The #MeToo wave has officially hit Capitol Hill, already taking down several lawmakers in its early stages. Even before some of them handed in their resignations, Congress had already made some changes to its sexual harassment training policies. Deciding what should be required as part of Congress' sexual harassment training, though, should require a longer process than simply asking the Office of Compliance (OOC), which normally deals with sexual harassment complaints, to design a typical course.
Regular sexual harassment training practices haven't worked, a fact that has been made abundantly clear by the scores of women who have spoken out about misconduct at the workplace as a part of the #MeToo movement. In fact, some studies even claim that traditional sexual harassment training provokes backlash amongst the men who take part in it, making the situation even worse for the women who work with them. Congress only recently made sexual harassment training mandatory, and while it's unclear what exactly this training looks like, it's quite likely it would be somewhat traditional — like an impersonal seminar or PowerPoint presentation employees sit through that doesn't actually help solve the problem of pervasive sexual harassment in any given workplace.

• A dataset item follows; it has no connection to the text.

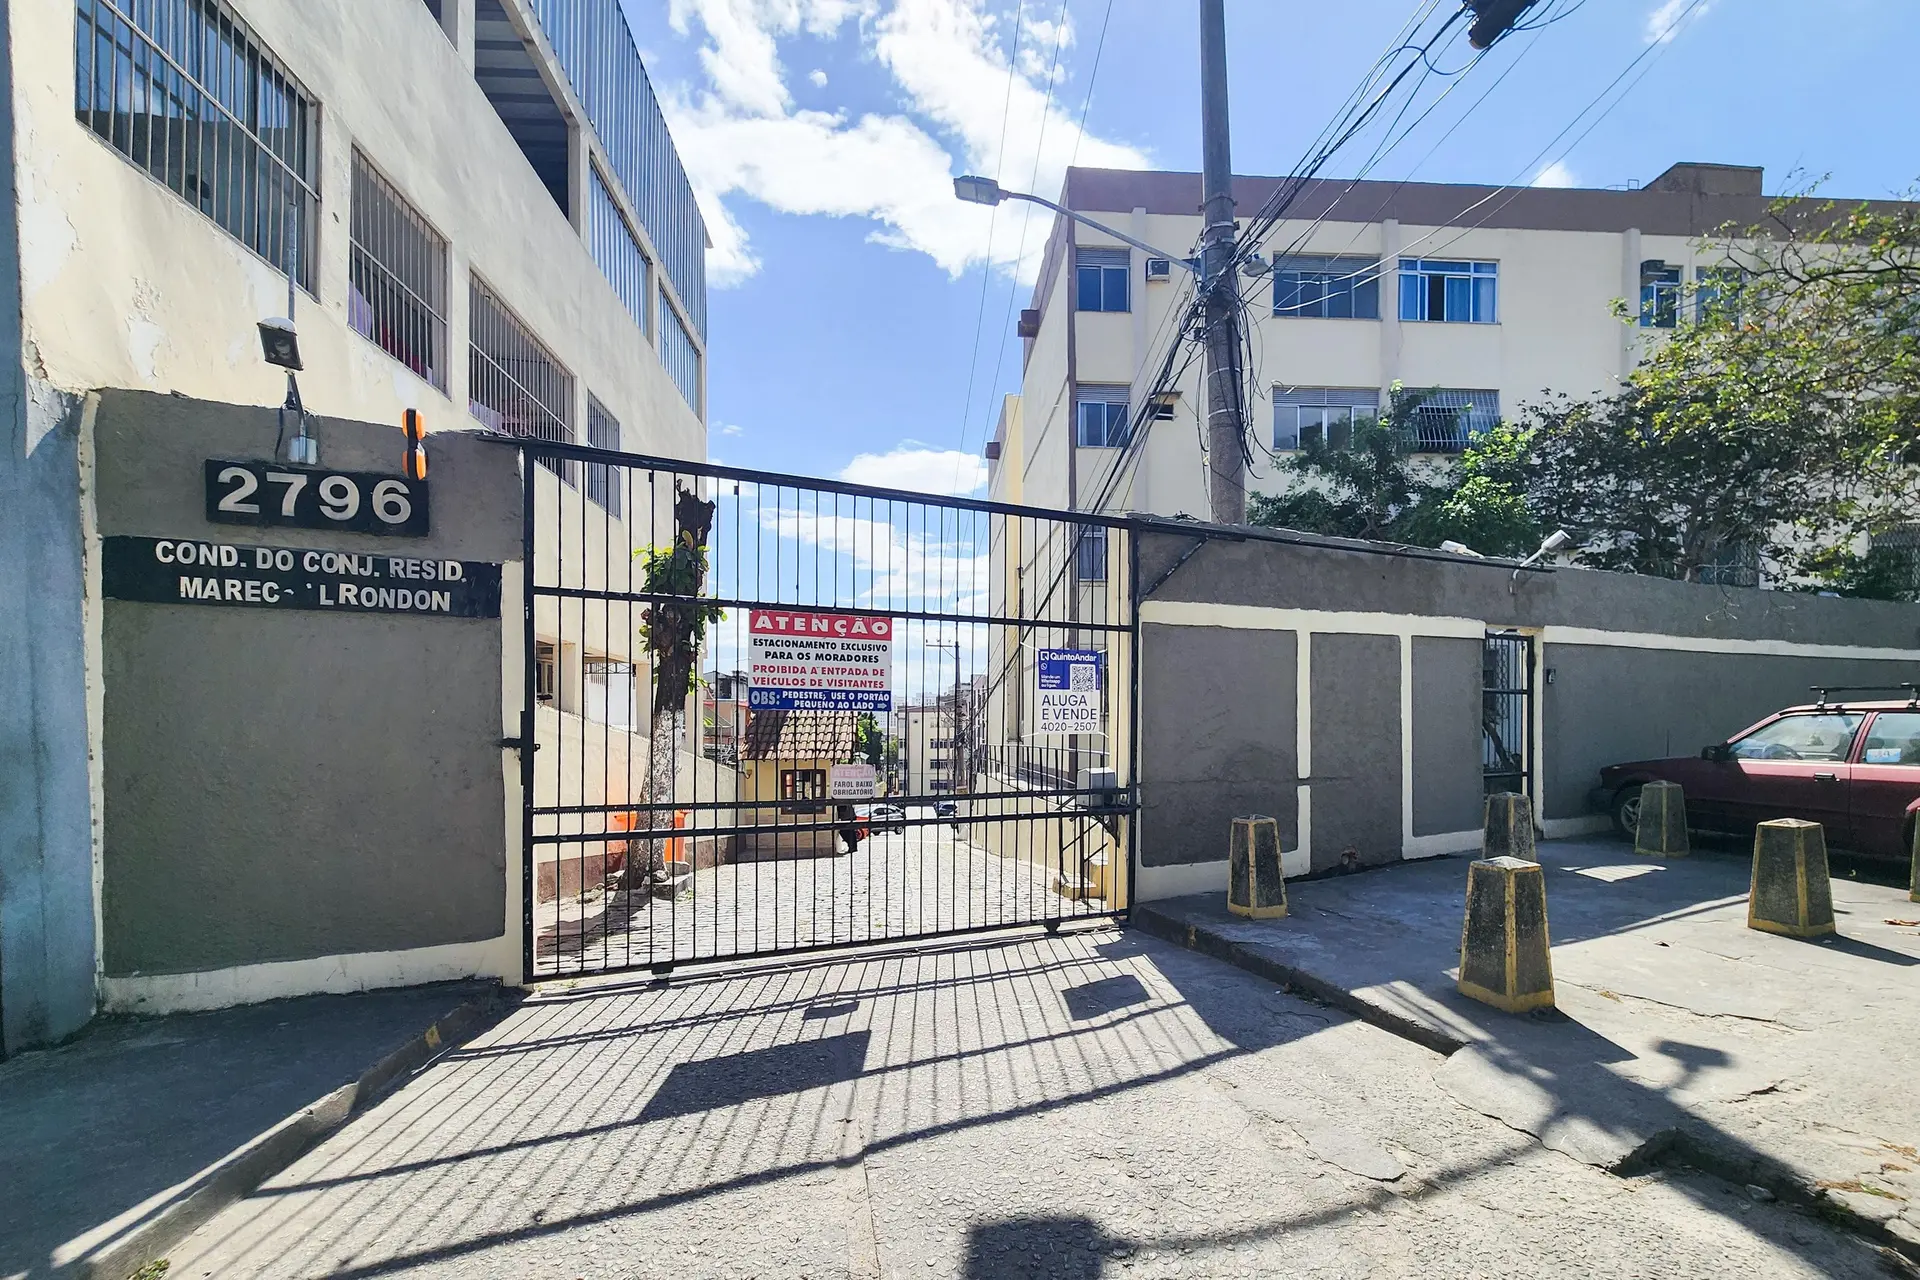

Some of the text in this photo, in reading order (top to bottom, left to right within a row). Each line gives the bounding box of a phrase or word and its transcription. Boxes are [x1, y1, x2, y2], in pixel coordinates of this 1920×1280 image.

Part of this is caused by a focus on legal liability rather than on culture change. When the trainings instruct men on how to avoid legal action against themselves and the organization — or company, or lawmaker's office — for whom these men work, they don't actually make any attempt to change the culture. This doesn't make things any better for the victims, so the cycle continues. Therefore, Congress will have to go a bit further if they want to actually make it a safe environment for both staffers and congresspeople.